4-Methyl-5-(4,4,5,5-tetramethyl-1,3,2-dioxaborolan-2-yl)pyrimidin-2-amine(cas: 944401-55-2) belongs to pyrimidine. Pyrimidine nucleotide derivatives have a wide range of biological applications. For example, pyrimidine derivatives are useful in DNA repair studies involving cancer and epigenetics. Application In Synthesis of 4-Methyl-5-(4,4,5,5-tetramethyl-1,3,2-dioxaborolan-2-yl)pyrimidin-2-amine

Referemce:
Pyrimidine | C4H4N2 – PubChem,
Pyrimidine – Wikipedia

Doherty, Elizabeth M.; Fotsch, Christopher; Bannon, Anthony W.; Bo, Yunxin; Chen, Ning; Dominguez, Celia; Falsey, James; Gavva, Narender R.; Katon, Jodie; Nixey, Thomas; Ognyanov, Vassil I.; Pettus, Liping; Rzasa, Robert M.; Stec, Markian; Surapaneni, Sekhar; Tamir, Rami; Zhu, Jiawang; Treanor, James J. S.; Norman, Mark H. published an article in Journal of Medicinal Chemistry. The title of the article was 《Novel Vanilloid Receptor-1 Antagonists: 2. Structure-Activity Relationships of 4-Oxopyrimidines Leading to the Selection of a Clinical Candidate》.Related Products of 659729-09-6 The author mentioned the following in the article:

A series of novel 4-oxopyrimidine TRPV1 antagonists was evaluated in assays measuring the blockade of capsaicin or acid-induced influx of calcium into CHO cells expressing TRPV1. The investigation of the structure-activity relationships in the heterocyclic A-region revealed the optimum pharmacophoric elements required for activity in this series and resulted in the identification of subnanomolar TRPV1 antagonists. The most potent of these antagonists were thoroughly profiled in pharmacokinetic assays. Optimization of the heterocyclic A-region led to the design and synthesis of 23 (I), a compound that potently blocked multiple modes of TRPV1 activation. Compound 23 was shown to be effective in a rodent “”on-target”” biochem. challenge model (capsaicin-induced flinch, ED50 = 0.33 mg/kg p.o.) and was antihyperalgesic in a model of inflammatory pain (CFA-induced thermal hyperalgesia, MED = 0.83 mg/kg, p.o.).

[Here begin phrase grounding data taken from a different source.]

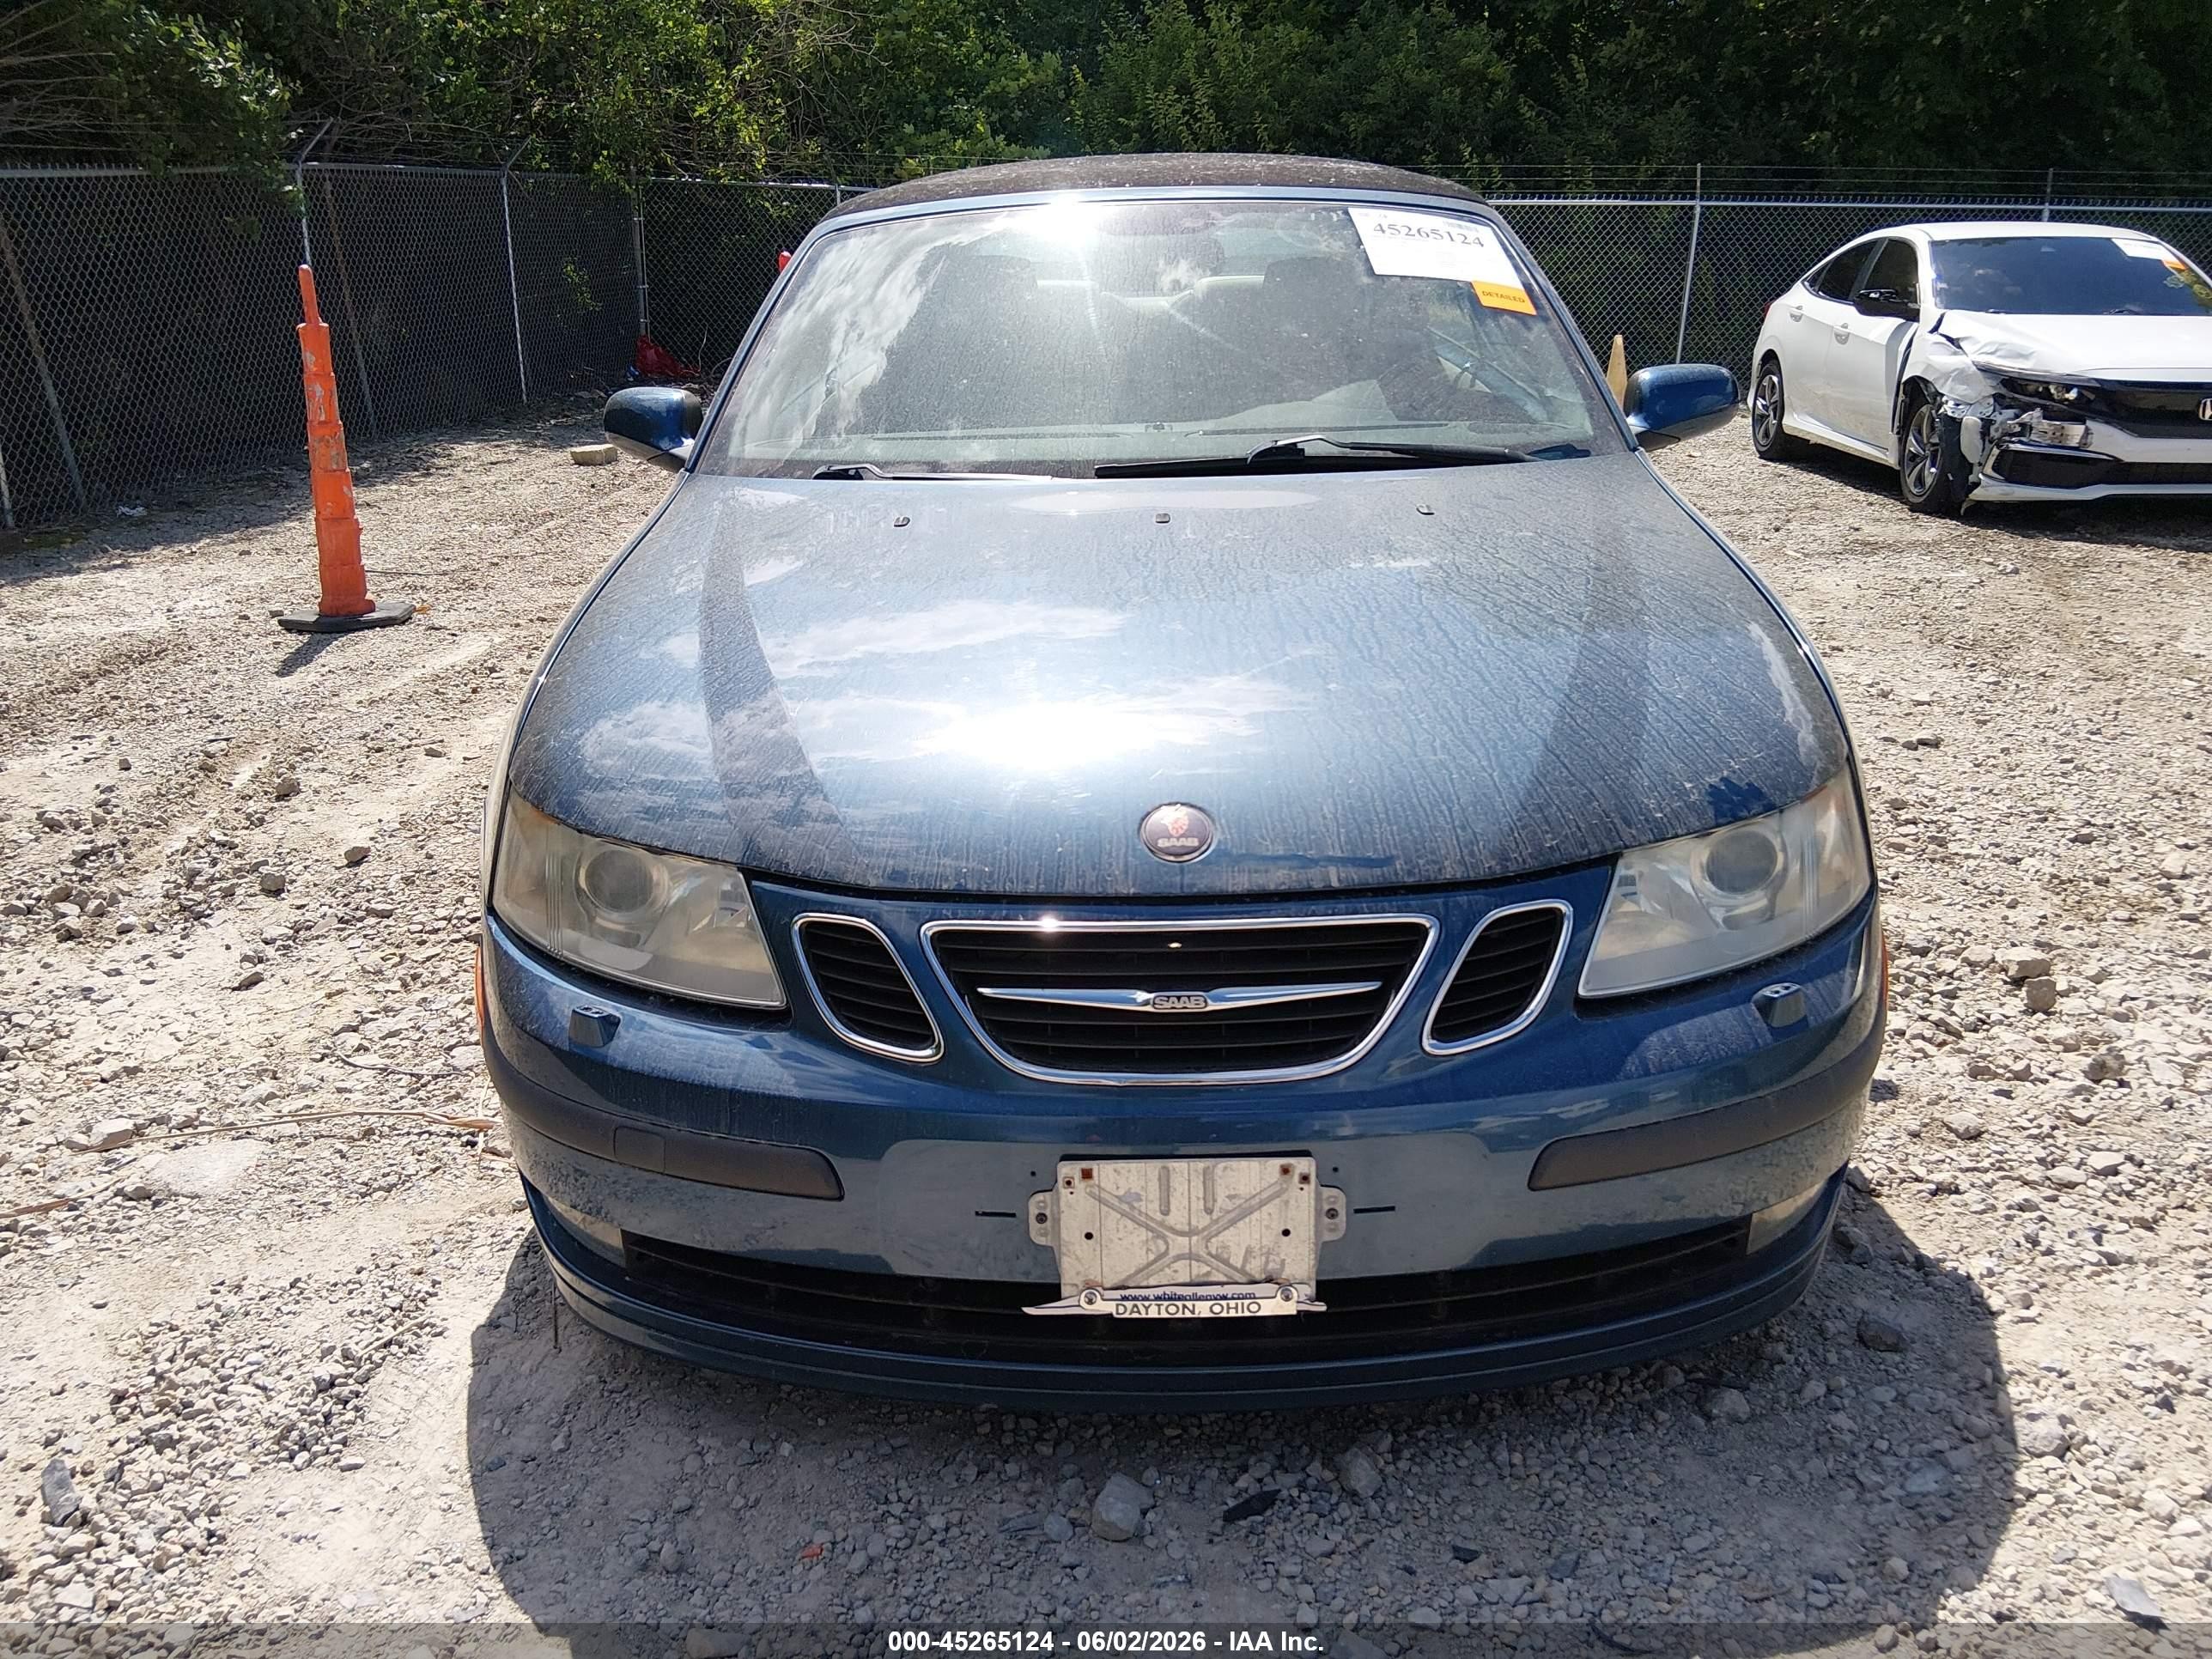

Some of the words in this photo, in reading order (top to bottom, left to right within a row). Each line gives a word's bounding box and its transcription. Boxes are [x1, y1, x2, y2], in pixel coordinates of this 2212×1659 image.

[1373, 222, 1484, 247] 45265124
[1481, 290, 1526, 303] DETAILED
[1153, 996, 1206, 1009] SAAB
[1116, 1303, 1201, 1316] DAYTON,
[1209, 1301, 1261, 1315] OHIO
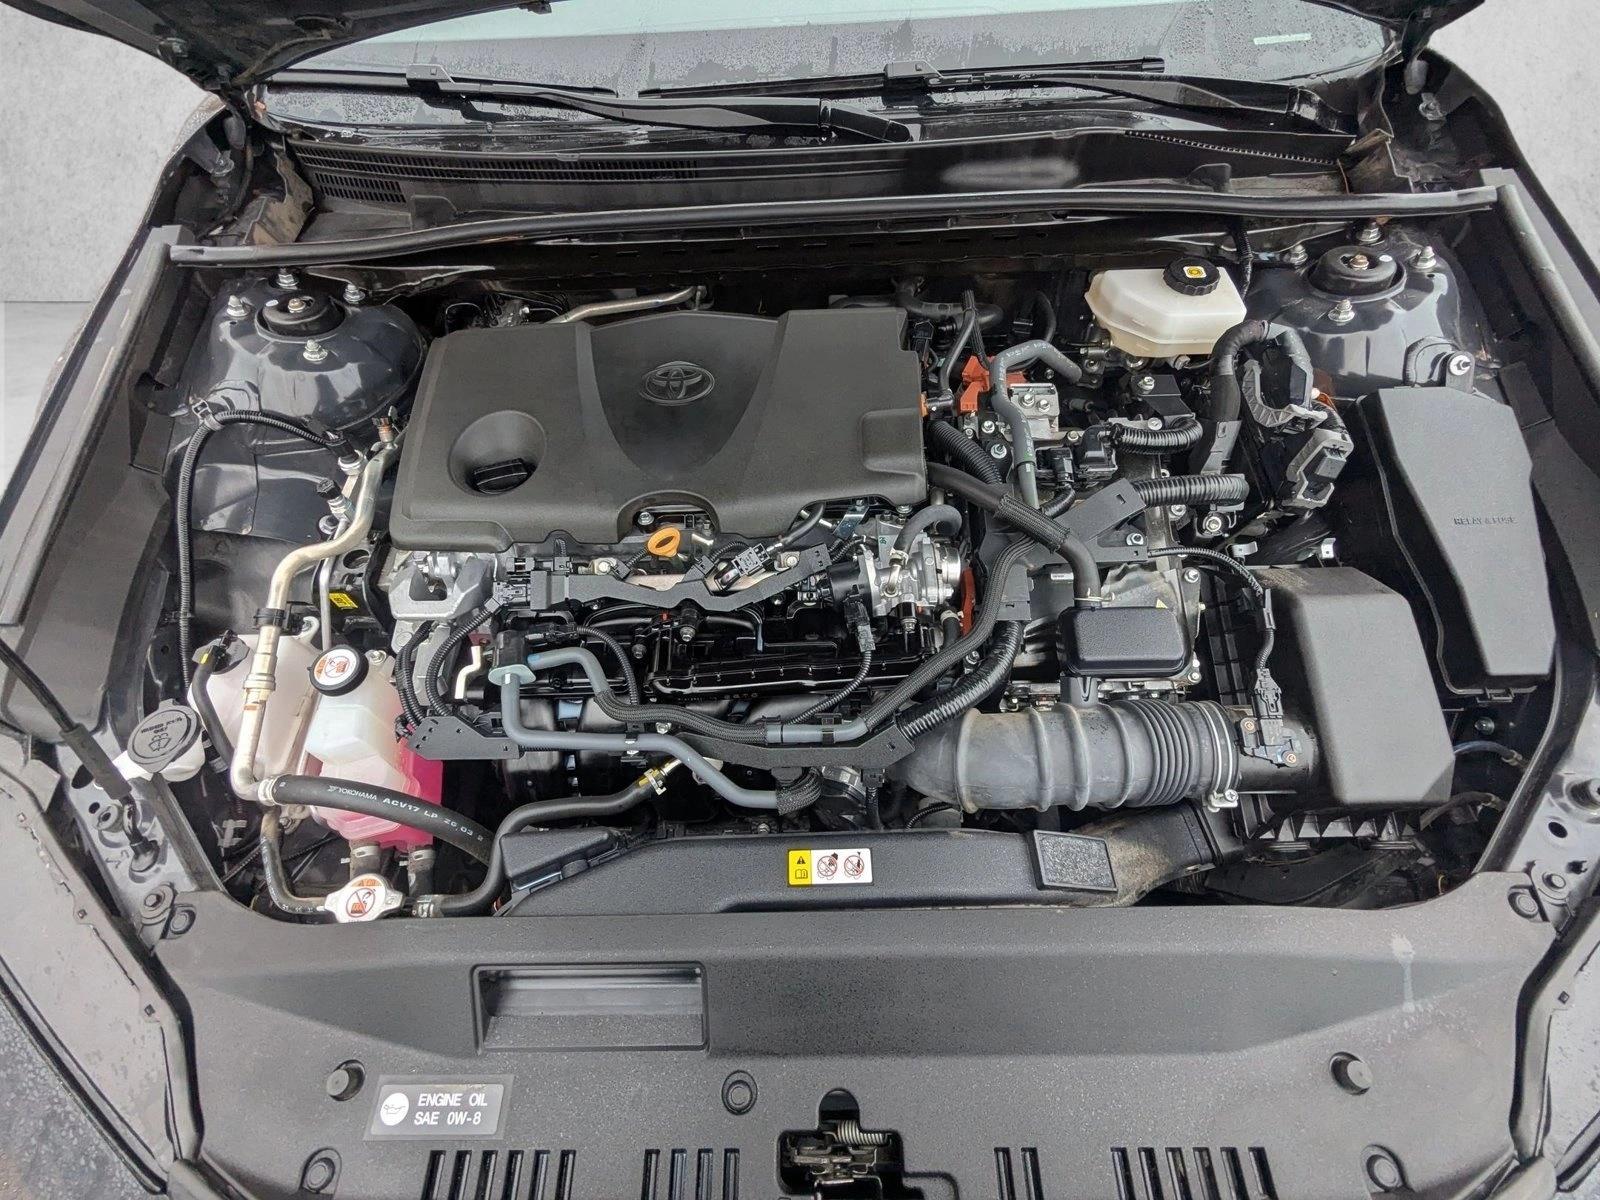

Based on its in vivo efficacy and pharmacokinetic profile, compound 23 (N-{4-[6-(4-trifluoromethyl-phenyl)-pyrimidin-4-yloxy]-benzothiazol-2-yl}-acetamide; AMG 517) was selected for further evaluation in human clin. trials. The experimental part of the paper was very detailed, including the reaction process of 4-Chloro-6-(4-(trifluoromethyl)phenyl)pyrimidine(cas: 659729-09-6Related Products of 659729-09-6)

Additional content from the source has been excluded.